制作 2016年2月20日

初孫専用おもちゃ

AVPlayer 起動画面 (パソコン)

制御回路
 これは10年前、1才の初孫のために作ったおもちゃAVPlayer です。じじ・ばば・パパ・ママの写真を指で押すと本人の声・拡大写真、おなじみのお唄などがパソコンに出る仕組み。下の写真はそのサンプルで、クリック(タッチ)すればAVPlayer と同じことができます。なお、使っている写真は実写のものが多いのでわざとボカしてあります ご容赦ください。

             ご注意! スピーカーから音が出ます。音量にご注意!

 何だつまらん! と言わないで下さい。初孫が「片時もこれを離さなかった」ほどの大成功を収めたおもちゃなのです。

 初孫が生まれた時、最初は普通のじじと同じように、何かおもちゃを買ってプレゼントする積もりでした。

 ところが、ぐるぐる回って音を出したりするような商品は売っていますが、赤ちゃんや乳児自身が触って楽しむ商品」はありません。じゃーなにか作って上げようかというのが最初の動機でした。

 赤ちゃんは握力や指の力がとても強いのです。例えがよろしくないですが、サルの赤ちゃんは生まれた時から指や手の握力がとても強いです。生まれた時からお母さんサルに自力でぶら下がることができるほど強いのです。試しに初孫に何か握らせてみると取り上げるのに、結構、力が必要でした。

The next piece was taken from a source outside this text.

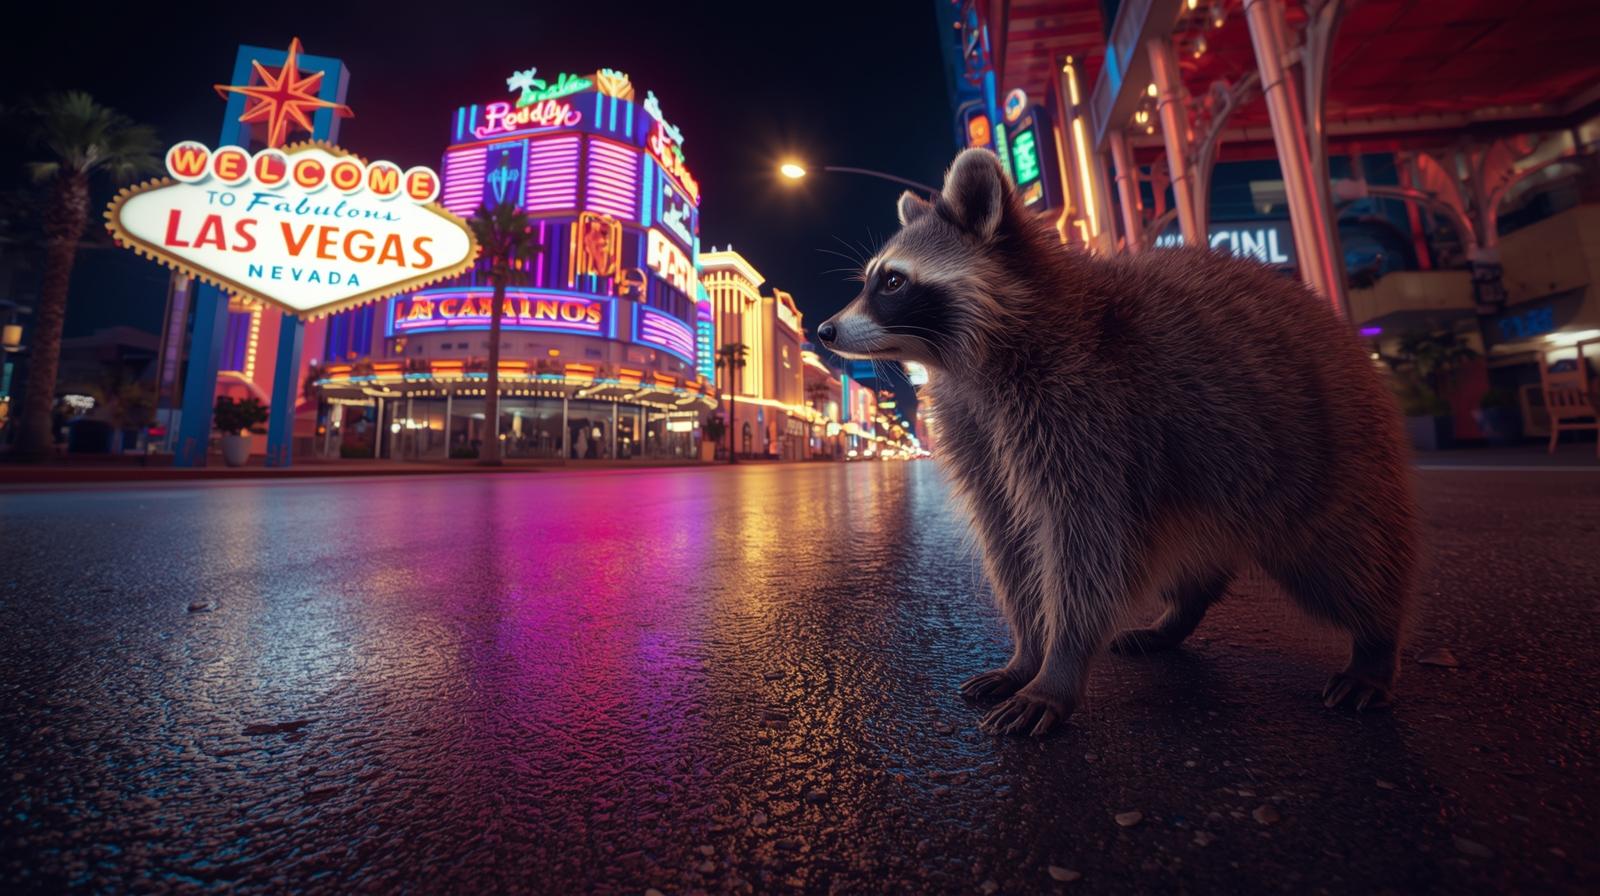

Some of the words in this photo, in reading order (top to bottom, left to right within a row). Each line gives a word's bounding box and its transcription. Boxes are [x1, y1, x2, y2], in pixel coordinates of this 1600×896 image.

 ならば、指で操作するキーボードを使ったものでも・・となり、最終的にこのシステムを開発することに思い至りました。

 試行錯誤を重ねて約6ヶ月、システム(おもちゃ)が完成しました。孫の両親にパソコンと一緒にプレゼントしました。

 数日して結果を尋ねたら、「嬉しそうに遊んでいます。片時もこれを離さなかったのですよ・・」とのこと。

 それを聞いて、「やった~!!」と快哉を叫んだことでした。そして、システム設計作業・製作に伴う多くの試行錯誤などのことは、まだ昨日のことのように記憶に鮮明に残っています。が、記憶がまだ鮮明なうちに、また、認知症で全部忘れて仕舞う前に、ここに記録として書き残すことにしました。

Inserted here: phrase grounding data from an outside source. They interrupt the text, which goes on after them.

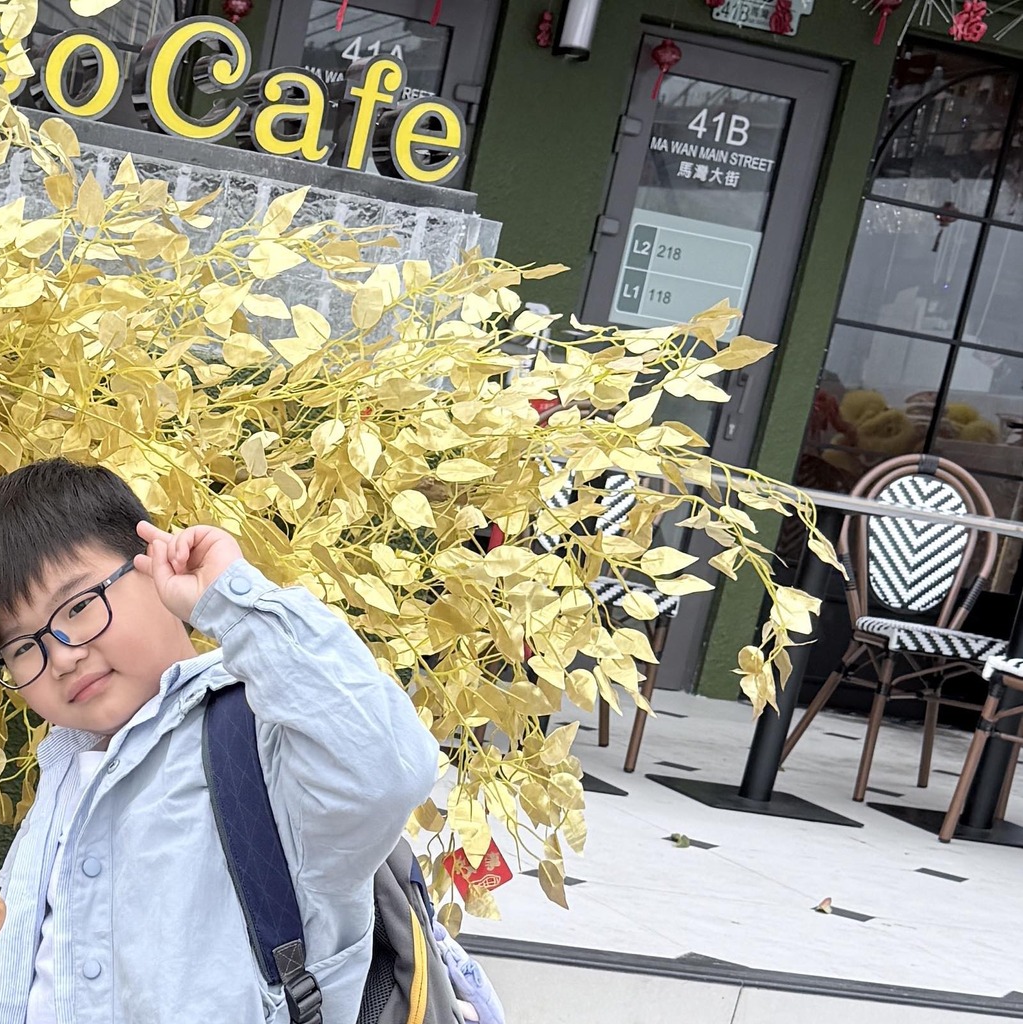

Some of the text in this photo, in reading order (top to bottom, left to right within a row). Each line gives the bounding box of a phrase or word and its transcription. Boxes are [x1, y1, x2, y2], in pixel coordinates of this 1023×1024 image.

[687, 108, 750, 147] 41B
[650, 136, 775, 173] MA WAN MAIN STREET
[677, 161, 741, 188] 馬灣大街
[632, 239, 682, 261] L2 218
[622, 283, 672, 305] L1 118

 初孫が喜んでくれたことに気を良くして、他の赤ちゃんも同じで多分いっぱい売れるだろうなんて思いながら、そのうちに
AVPlayer という商品名で売り出そうと考えていました。発明で注意すべきはこの自己陶酔で、自分の発明に酔って客観的なことを見失ってしまう恐れがあります。これもその口だったのかもしれません。

 最新の技術を利用すれば、ハードウエアが要らないもっと単純明快なシステムができることに最近気がつき商品化を断念しました。今では楽しい思い出が詰まった私の記念品的作品としてここに残っています。  現役時代の主な仕事はシステム設計でした。たまには電子回路の設計もありましたが、あくまで仕事上のことです。

 「ハードウエアが要らないもっと単純明快なシステム」については、このページを制作した後、直ちに開発に着手、2016年3月11日に完成しました。
 新システムそのものは、新しいページ「マルチメディア・プレイヤー」で実物を試すことができます。(この文は2016年3月11日に追加しました。)


 自分の身近な人のためにものを設計し作ることは今までなかったわけで、今回、日常行き来している孫のためにシステムを制作する仕事を私は天命のように感じ、それこそ自己の全身全霊を注入して作業に没頭しました。その頃の私は今よりずっと充実していたよう思います。

 時の経つのは早いもの、初孫は来年には中学生、私は、気持ちはまだ若い積りでいますが物理的にはその分だけ歳をとったのです。

 以下にハード・ソフトに分けてご説明します。


AVPlayerハードウエア

キーシート装着前
 AVPlayer 本体写真です。これは実は改良型の2号機です。下の写真が1号機です。

 ねずみ色っぽい行と列が見えますが、これはシートスイッチという基幹部品の1つです。このシートスイッチは家電、例えば、炊飯器や洗濯機にも使われています。

 電子回路とソフトによって、どのスイッチが押されたかが分かります。スイッチ数は24個あります。

 後で出ますが、このスイッチの上にキーシートを載せます。

AVPlayer 1号器
 1号機は「キーシート」を本体下の隙間から差し込む方式でした。失敗作です。上部の4つの丸は電源・再生中・・を示すLEDランプです。赤ちゃんが自分でキーシートを差し込むことはムリで親が差し込んであげなくてはなりませんでした。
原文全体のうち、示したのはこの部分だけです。